Retype all entries exactly as they stand, excluding pictures.
__________
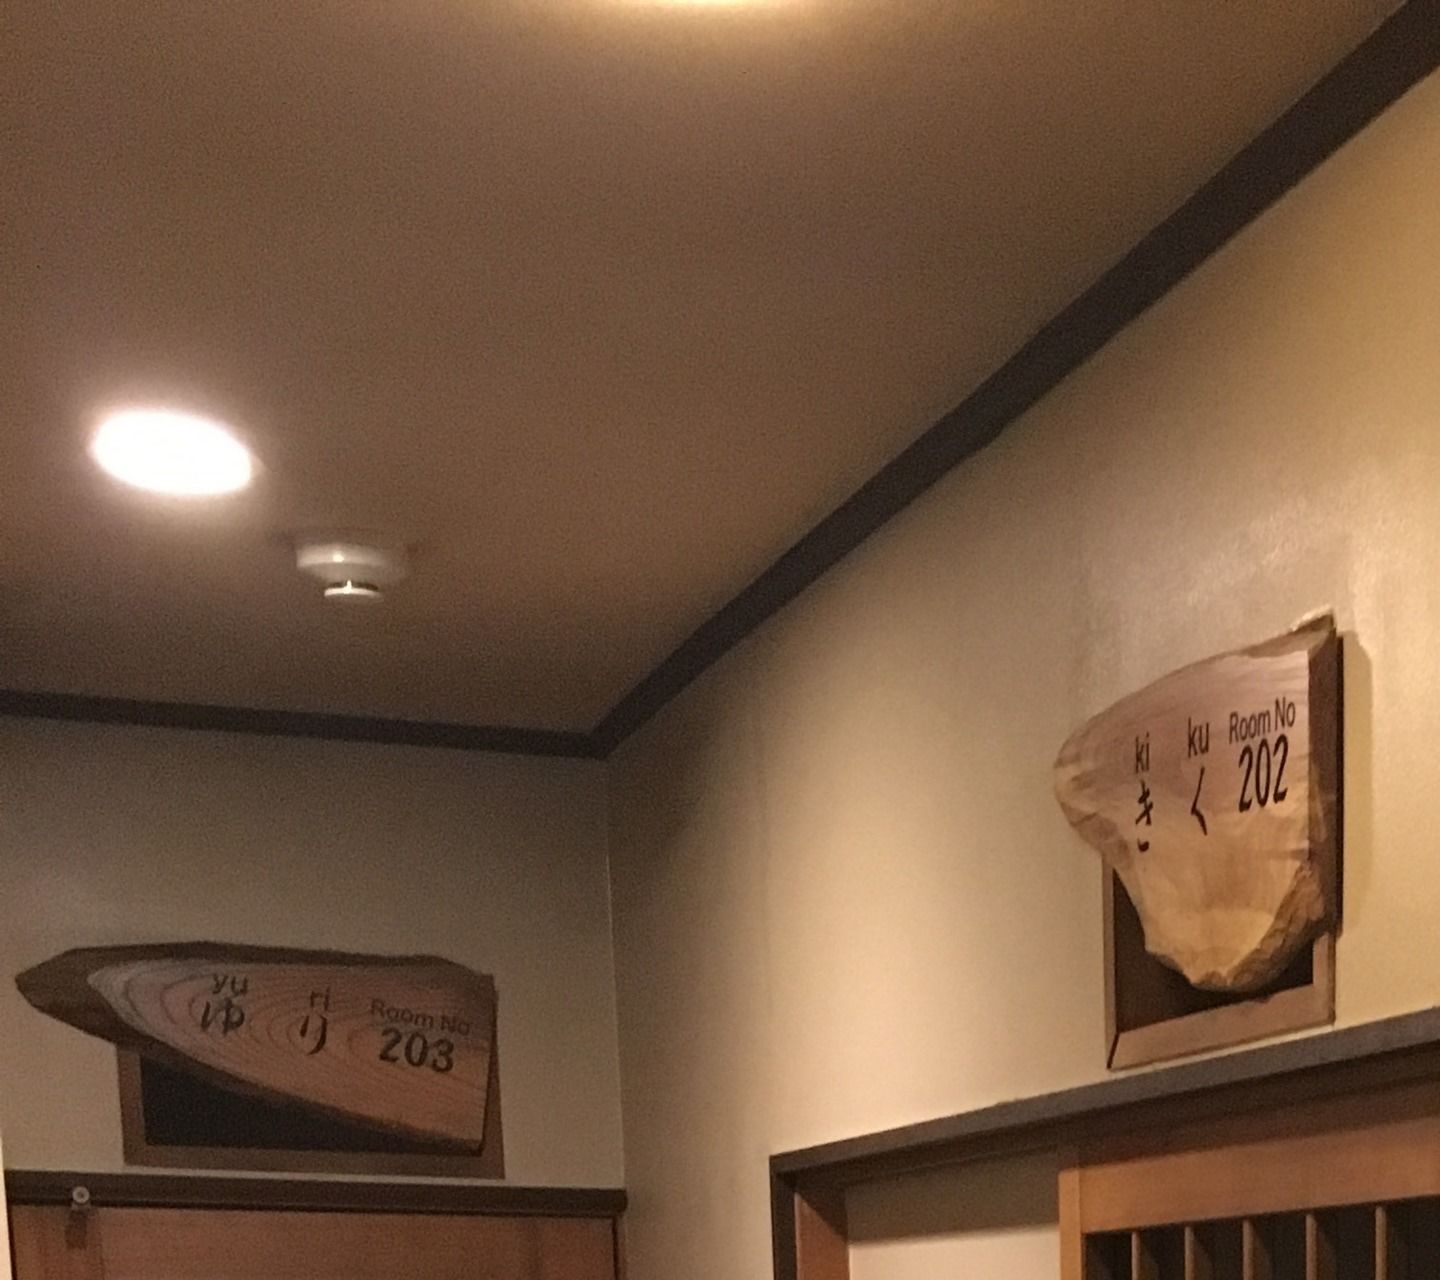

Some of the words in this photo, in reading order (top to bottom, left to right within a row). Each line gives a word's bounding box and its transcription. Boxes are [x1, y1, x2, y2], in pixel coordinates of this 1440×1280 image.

[1229, 710, 1272, 745] Room
[1274, 697, 1296, 730] No
[1238, 734, 1289, 812] 202
[371, 1000, 434, 1030] Room
[440, 1016, 470, 1036] No
[379, 1029, 455, 1073] 203
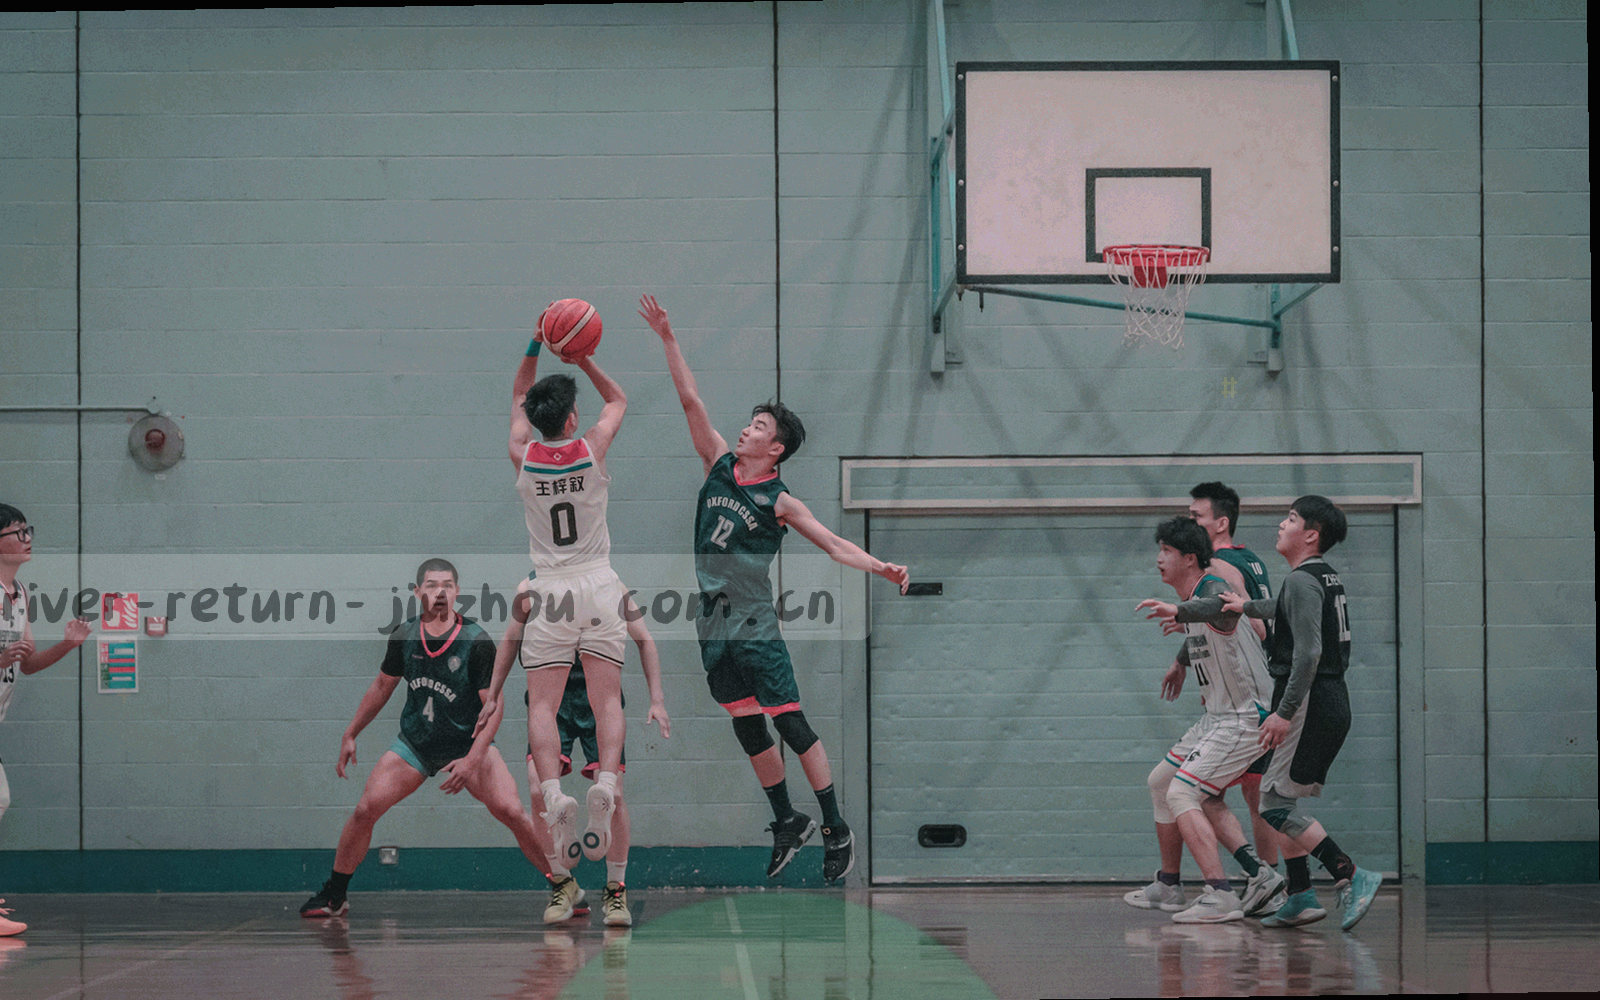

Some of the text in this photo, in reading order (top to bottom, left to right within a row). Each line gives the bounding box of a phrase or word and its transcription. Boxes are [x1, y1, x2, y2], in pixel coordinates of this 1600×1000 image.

[535, 476, 585, 496] 王梓叙
[550, 502, 578, 546] 0
[711, 515, 735, 549] 12
[422, 696, 435, 722] 4
__________
Exercise answer:
Some of the words in this photo, in reading order (top to bottom, left to right within a row). Each line gives a word's bounding box and its transcription. Boxes are [x1, y1, x2, y2], in pixel coordinates of this 1440×1280 image.

[1229, 710, 1272, 745] Room
[1274, 697, 1296, 730] No
[1238, 734, 1289, 812] 202
[371, 1000, 434, 1030] Room
[440, 1016, 470, 1036] No
[379, 1029, 455, 1073] 203

Some of the text in this photo, in reading order (top to bottom, left to right within a row). Each line gives the bounding box of a phrase or word and its transcription. Boxes are [x1, y1, x2, y2], in pixel coordinates of this 1600×1000 image.

[535, 476, 585, 496] 王梓叙
[550, 502, 578, 546] 0
[711, 515, 735, 549] 12
[422, 696, 435, 722] 4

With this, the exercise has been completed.